MPI Makes Machines Learn Faster!
As I mentioned previously, the main goal of our project is to improve the performance of a ‘decision tree’ algorithm using High Performance Computing (HPC) parallelization tools such as MPI and GASPI. In this post I will try to explain how MPI can improve the learning speed of decision tree.
Parallelization of Decision Tree
Decision tree is a well-known supervised ML algorithm. I’m sure that many of you at least heard about it, but if I try to explain it in one sentence, I can say that it is a binary tree that predictions are made from the roots to the leaves. Even though it can be used for both regression and classification, in this study we focused on classification problem. Our decision tree is relatively simple; it is a recursive algorithm and contains only one hyper-parameter, maximum depth, controlling the stoping criterion ( there are others but we didn’t cover them for simplicity).

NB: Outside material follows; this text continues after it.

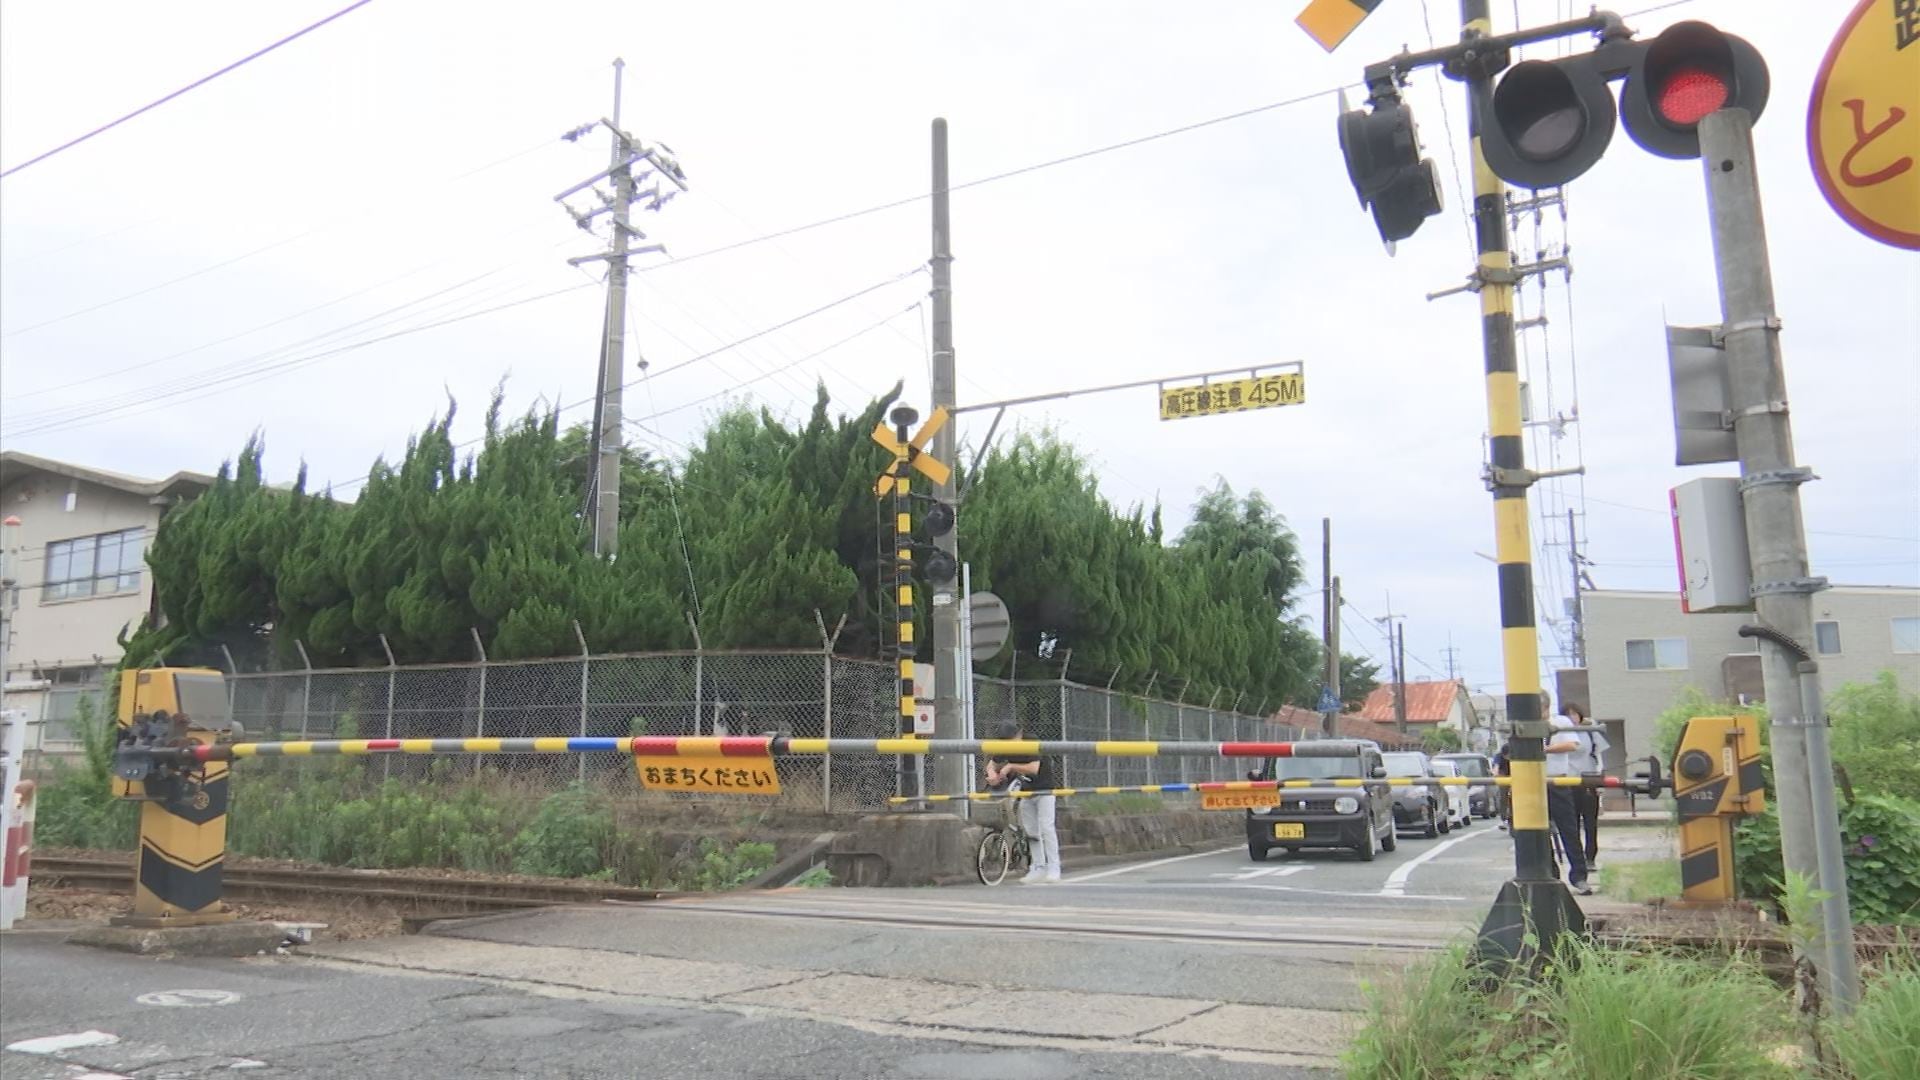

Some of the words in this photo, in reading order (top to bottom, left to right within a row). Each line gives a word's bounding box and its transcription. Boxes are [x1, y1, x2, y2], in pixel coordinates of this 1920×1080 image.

Algorithm splits the data sets to nodes according to ‘selected’ treshold values of ‘selected’ features in the data set. Each node is assigned with a GINI index which is a simple mathematical expression describing the purity of the node. The aim is to select optimal feature and threshold couples minimizing the GINI index for each split. The algorithm stops when the maximum depth is reached or when all the inputs are classified.
Our parallelization strategy is distributing features among different computation units. In this approach, each processor core is responsible for one or more feature sets to survey all possible splits and compute corresponding Gini indexes to evaluate them. Therefore, in every recursion, each core finds a best feature and threshold couple minimizing the Gini index for their portion of the data. After this, all the best feature and threshold couples are gathered together at the master core 0. The master core compares them according to their Gini indexes and broadcast the best result to all the other processors.
As we can expect, the results show that the higher the number of cores, the higher the speed-up rates. Total computation time is decreasing with increasing number of cores. Here, the computation time corresponds to run time of learning (data fitting) process of the algorithm.
It is also seen that the rate of change is also decreasing with increasing number of cores. This is the result of inevitable communication overhead. In an ideal world, workers can do their job independently, but in real world, synchronization mostly is a must. There is no chance to escape from communication overhead required by synchronization in MPI parallelism. So in reality, speed up is always less than the increase of the number of workers.
The figure abouve shows the portions of the total computation time dedicated to calculation and communication. As it is seen that time spending for communication is increasing with increasing number of cores. Higher number of cores means that higher number of send and receive commands and for each command, cores should wait for each other. On the other hand, chunks of data which is transferred is getting smaller, and this makes faster the data transfer. Therefore, the increase in the communication time is not linearly increasing.
As I told you that MPI makes machines learn faster!